Small global billionaire tax could yield $250 billion annually, reports the EU Tax Observatory
 
Governments should clampdown on tax evasion by billionaires by introducing a global minimum wealth tax which could raise $250 billion annually, the EU Tax Observatory said on Monday.
 
If levied, the sum would be equivalent to only 2% of the nearly $13 trillion in wealth owned by the 2,700 billionaires globally, the research group hosted at the Paris School of Economics said.
 
Currently billionaires' effective personal tax is often far less than what other taxpayers of more modest means pay because they can park wealth in shell companies sheltering them from income tax, the group said in its 2024 Global Tax Evasion Report.
 
"In our view, this is difficult to justify because it undermines the sustainability of tax systems and the social acceptability of taxation," the observatory's director Gabriel Zucman told journalists.
 
Billionaires have been operating on the “border of legality” in using shell companies to avoid tax and the world’s wealthiest individuals should be charged a 2% levy on their wealth, the report states.
 
Billionaires have been pushing the limits of the law by moving certain types of income, including dividends from company shares, through dedicated holding companies that usually serve no other purpose.
 
“These holding companies are in a grey zone between avoidance and evasion,” the report said. “To the extent that they are created with the purpose of avoiding the income tax, they can legitimately be seen as closer to evasion.”
 
These types of loopholes allow the super-rich to avoid certain forms of income tax, resulting in effective tax rates worth just 0%-0.6% of their total wealth, the report found.

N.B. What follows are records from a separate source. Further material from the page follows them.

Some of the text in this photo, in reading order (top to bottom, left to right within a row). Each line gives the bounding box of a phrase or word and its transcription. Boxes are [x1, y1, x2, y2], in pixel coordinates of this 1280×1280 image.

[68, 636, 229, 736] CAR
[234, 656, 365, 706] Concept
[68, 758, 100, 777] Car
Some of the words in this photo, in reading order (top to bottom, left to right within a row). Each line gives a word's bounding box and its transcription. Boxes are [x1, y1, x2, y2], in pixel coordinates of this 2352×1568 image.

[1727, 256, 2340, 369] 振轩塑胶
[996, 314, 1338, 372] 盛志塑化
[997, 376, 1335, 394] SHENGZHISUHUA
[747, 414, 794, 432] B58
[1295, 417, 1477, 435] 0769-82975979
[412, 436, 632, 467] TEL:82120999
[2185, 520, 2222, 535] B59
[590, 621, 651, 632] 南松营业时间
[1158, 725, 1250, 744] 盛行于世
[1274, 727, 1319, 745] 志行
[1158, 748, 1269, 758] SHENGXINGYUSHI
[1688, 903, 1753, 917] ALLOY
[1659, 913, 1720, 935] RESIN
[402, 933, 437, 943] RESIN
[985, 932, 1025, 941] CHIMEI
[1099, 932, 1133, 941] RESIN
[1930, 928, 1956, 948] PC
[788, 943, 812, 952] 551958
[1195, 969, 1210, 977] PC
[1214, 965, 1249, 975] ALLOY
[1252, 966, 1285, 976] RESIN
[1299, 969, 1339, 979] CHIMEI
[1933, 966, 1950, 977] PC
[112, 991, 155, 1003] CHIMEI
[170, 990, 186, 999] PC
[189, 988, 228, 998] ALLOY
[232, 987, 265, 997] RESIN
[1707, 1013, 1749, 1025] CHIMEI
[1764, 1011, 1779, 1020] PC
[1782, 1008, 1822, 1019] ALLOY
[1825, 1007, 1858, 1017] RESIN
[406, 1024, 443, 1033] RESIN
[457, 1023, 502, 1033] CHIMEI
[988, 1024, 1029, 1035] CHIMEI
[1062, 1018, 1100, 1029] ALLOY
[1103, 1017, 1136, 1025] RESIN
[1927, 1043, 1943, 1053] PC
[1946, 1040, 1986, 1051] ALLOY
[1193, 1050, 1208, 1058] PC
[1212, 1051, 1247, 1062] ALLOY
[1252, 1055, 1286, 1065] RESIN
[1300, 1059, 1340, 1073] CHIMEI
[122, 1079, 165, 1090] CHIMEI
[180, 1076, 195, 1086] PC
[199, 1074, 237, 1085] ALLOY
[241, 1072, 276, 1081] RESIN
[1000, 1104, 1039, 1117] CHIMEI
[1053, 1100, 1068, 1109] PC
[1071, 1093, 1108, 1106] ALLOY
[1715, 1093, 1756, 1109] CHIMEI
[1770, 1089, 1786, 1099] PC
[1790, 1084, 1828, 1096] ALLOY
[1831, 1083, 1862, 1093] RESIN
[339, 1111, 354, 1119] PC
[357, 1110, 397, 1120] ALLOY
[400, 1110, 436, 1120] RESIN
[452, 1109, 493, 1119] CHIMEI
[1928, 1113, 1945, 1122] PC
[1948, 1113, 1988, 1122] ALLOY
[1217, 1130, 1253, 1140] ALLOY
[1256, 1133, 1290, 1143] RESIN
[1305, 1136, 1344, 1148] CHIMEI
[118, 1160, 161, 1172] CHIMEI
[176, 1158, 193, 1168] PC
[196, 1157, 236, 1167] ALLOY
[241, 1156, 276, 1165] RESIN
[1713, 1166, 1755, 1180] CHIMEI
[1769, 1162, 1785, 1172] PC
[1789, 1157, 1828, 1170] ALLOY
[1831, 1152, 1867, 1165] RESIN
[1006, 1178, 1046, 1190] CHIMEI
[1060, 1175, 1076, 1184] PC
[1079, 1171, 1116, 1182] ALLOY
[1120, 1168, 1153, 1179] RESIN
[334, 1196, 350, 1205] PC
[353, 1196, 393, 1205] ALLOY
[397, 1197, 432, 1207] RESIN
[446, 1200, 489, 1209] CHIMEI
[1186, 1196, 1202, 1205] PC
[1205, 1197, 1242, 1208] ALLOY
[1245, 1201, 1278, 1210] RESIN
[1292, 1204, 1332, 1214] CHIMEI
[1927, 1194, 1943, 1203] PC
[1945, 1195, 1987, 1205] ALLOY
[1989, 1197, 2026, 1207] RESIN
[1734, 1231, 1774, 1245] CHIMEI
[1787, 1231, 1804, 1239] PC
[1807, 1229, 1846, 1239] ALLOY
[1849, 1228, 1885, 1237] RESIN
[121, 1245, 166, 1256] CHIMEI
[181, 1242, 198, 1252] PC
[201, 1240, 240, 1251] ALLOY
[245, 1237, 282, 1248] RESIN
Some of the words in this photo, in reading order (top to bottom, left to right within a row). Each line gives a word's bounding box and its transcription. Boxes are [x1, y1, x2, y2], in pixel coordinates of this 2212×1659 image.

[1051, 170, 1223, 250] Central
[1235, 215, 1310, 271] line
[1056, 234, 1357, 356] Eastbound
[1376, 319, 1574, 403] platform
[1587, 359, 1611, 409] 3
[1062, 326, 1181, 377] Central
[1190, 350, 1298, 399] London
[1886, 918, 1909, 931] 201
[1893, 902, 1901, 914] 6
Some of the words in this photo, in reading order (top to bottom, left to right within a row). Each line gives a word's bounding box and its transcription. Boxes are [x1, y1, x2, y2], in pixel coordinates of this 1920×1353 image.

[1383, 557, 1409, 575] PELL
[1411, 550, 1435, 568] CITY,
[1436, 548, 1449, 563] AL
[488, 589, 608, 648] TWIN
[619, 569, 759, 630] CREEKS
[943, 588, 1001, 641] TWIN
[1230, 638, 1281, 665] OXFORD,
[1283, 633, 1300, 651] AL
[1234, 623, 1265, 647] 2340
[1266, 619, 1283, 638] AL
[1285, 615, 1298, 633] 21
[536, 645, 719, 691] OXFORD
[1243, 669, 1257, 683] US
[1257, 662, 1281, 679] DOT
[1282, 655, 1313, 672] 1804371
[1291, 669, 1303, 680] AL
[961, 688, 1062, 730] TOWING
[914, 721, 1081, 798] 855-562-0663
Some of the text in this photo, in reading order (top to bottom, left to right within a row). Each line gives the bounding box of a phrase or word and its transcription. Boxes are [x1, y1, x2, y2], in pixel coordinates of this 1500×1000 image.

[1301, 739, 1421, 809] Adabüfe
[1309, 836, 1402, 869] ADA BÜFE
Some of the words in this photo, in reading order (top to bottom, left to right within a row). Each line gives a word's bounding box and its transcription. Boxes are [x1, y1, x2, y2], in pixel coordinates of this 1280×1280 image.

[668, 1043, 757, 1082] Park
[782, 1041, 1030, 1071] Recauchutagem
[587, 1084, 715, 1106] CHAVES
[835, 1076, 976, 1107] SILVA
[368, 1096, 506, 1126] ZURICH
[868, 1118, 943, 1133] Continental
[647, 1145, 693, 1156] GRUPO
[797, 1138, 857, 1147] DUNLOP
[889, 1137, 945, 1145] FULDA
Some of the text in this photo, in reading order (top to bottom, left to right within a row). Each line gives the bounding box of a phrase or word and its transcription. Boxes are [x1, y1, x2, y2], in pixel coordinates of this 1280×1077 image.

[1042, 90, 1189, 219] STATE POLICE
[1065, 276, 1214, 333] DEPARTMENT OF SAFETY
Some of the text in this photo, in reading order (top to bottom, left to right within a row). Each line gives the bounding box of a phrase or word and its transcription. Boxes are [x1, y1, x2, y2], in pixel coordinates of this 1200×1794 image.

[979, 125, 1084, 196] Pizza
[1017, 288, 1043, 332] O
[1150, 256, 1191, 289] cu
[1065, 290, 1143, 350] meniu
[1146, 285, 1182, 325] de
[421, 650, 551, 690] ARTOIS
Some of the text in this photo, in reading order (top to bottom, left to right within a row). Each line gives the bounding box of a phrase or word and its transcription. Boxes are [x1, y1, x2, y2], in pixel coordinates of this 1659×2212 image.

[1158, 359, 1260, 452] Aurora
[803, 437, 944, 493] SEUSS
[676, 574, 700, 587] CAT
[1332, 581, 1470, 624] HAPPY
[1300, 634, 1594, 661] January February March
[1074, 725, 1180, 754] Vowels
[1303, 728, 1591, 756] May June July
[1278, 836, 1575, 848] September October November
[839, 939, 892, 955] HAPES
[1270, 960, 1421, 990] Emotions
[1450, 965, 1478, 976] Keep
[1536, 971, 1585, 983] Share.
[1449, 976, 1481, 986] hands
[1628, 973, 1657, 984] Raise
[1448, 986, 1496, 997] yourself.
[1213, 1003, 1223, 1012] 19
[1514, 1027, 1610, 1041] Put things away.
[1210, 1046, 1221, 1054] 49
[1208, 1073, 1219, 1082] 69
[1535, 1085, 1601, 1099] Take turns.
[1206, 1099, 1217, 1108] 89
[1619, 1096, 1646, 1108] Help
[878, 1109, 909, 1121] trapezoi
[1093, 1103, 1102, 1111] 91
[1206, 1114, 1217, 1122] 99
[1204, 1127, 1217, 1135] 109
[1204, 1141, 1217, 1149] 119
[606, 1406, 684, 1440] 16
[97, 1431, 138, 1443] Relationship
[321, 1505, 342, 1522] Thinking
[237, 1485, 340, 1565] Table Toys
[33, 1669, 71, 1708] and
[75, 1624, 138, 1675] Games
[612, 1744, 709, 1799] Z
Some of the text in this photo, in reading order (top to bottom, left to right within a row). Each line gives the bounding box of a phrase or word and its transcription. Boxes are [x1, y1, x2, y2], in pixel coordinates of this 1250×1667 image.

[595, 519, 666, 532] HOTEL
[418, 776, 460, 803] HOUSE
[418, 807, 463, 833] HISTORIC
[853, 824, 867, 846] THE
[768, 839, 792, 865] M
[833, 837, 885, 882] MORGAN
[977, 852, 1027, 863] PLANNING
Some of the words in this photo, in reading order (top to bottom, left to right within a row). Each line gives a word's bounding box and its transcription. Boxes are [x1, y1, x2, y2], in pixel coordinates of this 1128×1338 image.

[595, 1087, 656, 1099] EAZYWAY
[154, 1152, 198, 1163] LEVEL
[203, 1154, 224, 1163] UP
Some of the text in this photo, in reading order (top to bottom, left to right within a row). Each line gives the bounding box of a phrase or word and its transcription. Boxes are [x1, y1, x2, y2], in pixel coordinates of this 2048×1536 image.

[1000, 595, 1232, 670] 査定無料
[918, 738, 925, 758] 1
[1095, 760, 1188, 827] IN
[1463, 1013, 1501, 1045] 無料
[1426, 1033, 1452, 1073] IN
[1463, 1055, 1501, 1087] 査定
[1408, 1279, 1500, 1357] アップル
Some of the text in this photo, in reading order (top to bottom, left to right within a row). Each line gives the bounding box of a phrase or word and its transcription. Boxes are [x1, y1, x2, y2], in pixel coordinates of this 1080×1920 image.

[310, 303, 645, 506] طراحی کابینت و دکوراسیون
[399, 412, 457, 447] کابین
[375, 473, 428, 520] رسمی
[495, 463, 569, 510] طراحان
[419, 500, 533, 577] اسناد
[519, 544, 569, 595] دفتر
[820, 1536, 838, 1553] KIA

Billionaires' personal tax in the United States is estimated to be close to just 0.5% and as low as zero in France, the Observatory estimated.
 
Shell companies can also stand in as nominal owners for luxury properties in expensive cities such as London. “Real estate continues to provide ample opportunities for the rich to avoid and evade taxes,” the report said.
 
The shell companies also fall outside the tools that have so far been used to combat tax avoidance, including the automatic exchange of banking information, which is followed by more than 100 countries.
 
“To date no serious attempt has been made to address this situation, which risks undermining the social acceptability of existing tax systems,” the report said.
 
The Observatory, which deployed more than 100 researchers to gather the report’s data, is calling on global leaders to use the next G20 summit in Brazil in November 2024 to launch talks over a global minimum 2% annual tax to be levied on the wealth – rather than the income – of the world’s richest people.
 
The idea is based on the 2021 agreement between 140 countries and territories to impose a global minimum tax rate of 15% on the biggest multinational companies.
 
Zucman said: “This is the logical next step after the global minimum tax on multinational companies – which demonstrates that it is possible for countries to agree on minimum tax rates.”
 
He said minimum rates were the most powerful tools to address loopholes in existing tax systems because they ensure that no matter what the avoidance measures used, the tax collected cannot fall below a set amount.
 
The reform is far from perfect. The search for a broad consensus led to the application of a relatively low global tax rate (rather than a base rate of 25% many recommended), accompanied by numerous exemptions that limit its scope.
 
Commenting on the report, Nobel prize-winning economist Joseph Stiglitz said: “Tax evasion, and, more broadly, tax avoidance, is not inevitable; it is the result of policy choices – or the failure to make policy choices that act to stop it.”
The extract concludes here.